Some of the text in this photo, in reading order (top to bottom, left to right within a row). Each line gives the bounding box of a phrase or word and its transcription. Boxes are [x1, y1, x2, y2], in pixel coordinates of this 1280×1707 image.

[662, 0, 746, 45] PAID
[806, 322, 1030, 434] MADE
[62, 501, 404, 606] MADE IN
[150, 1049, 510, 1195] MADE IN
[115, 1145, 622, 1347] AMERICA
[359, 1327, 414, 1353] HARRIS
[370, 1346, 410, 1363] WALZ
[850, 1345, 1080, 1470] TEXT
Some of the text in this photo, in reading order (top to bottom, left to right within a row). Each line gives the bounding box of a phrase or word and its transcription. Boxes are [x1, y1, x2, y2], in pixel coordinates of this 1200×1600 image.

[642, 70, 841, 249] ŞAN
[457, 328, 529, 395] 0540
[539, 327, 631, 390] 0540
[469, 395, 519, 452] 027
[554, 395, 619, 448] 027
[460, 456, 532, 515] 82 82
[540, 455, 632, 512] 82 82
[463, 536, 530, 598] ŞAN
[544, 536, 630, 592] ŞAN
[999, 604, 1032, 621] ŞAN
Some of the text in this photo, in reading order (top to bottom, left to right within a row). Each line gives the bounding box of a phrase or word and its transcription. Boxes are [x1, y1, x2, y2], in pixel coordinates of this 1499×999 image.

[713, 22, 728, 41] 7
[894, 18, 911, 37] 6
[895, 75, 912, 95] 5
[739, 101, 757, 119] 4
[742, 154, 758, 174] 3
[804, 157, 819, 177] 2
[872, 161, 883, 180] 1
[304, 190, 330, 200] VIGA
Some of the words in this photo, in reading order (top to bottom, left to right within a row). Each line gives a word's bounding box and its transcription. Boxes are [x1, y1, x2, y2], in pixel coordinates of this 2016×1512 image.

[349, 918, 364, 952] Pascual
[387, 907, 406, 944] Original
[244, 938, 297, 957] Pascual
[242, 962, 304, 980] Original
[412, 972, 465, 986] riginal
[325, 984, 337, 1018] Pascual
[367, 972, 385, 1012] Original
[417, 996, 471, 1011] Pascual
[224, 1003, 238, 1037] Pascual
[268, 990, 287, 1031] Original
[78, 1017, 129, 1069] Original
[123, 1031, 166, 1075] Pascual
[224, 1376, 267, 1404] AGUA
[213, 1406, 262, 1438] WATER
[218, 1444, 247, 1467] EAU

------------------------

TASK DIRECTIONS — Repeat back the material above verbatim, including every line.

RESULT OF THIS EXERCISE —
Some of the text in this photo, in reading order (top to bottom, left to right within a row). Each line gives the bounding box of a phrase or word and its transcription. Boxes are [x1, y1, x2, y2], in pixel coordinates of this 1280×1707 image.

[662, 0, 746, 45] PAID
[806, 322, 1030, 434] MADE
[62, 501, 404, 606] MADE IN
[150, 1049, 510, 1195] MADE IN
[115, 1145, 622, 1347] AMERICA
[359, 1327, 414, 1353] HARRIS
[370, 1346, 410, 1363] WALZ
[850, 1345, 1080, 1470] TEXT
Some of the text in this photo, in reading order (top to bottom, left to right within a row). Each line gives the bounding box of a phrase or word and its transcription. Boxes are [x1, y1, x2, y2], in pixel coordinates of this 1200×1600 image.

[642, 70, 841, 249] ŞAN
[457, 328, 529, 395] 0540
[539, 327, 631, 390] 0540
[469, 395, 519, 452] 027
[554, 395, 619, 448] 027
[460, 456, 532, 515] 82 82
[540, 455, 632, 512] 82 82
[463, 536, 530, 598] ŞAN
[544, 536, 630, 592] ŞAN
[999, 604, 1032, 621] ŞAN
Some of the text in this photo, in reading order (top to bottom, left to right within a row). Each line gives the bounding box of a phrase or word and its transcription. Boxes are [x1, y1, x2, y2], in pixel coordinates of this 1499×999 image.

[713, 22, 728, 41] 7
[894, 18, 911, 37] 6
[895, 75, 912, 95] 5
[739, 101, 757, 119] 4
[742, 154, 758, 174] 3
[804, 157, 819, 177] 2
[872, 161, 883, 180] 1
[304, 190, 330, 200] VIGA
Some of the words in this photo, in reading order (top to bottom, left to right within a row). Each line gives a word's bounding box and its transcription. Boxes are [x1, y1, x2, y2], in pixel coordinates of this 2016×1512 image.

[349, 918, 364, 952] Pascual
[387, 907, 406, 944] Original
[244, 938, 297, 957] Pascual
[242, 962, 304, 980] Original
[412, 972, 465, 986] riginal
[325, 984, 337, 1018] Pascual
[367, 972, 385, 1012] Original
[417, 996, 471, 1011] Pascual
[224, 1003, 238, 1037] Pascual
[268, 990, 287, 1031] Original
[78, 1017, 129, 1069] Original
[123, 1031, 166, 1075] Pascual
[224, 1376, 267, 1404] AGUA
[213, 1406, 262, 1438] WATER
[218, 1444, 247, 1467] EAU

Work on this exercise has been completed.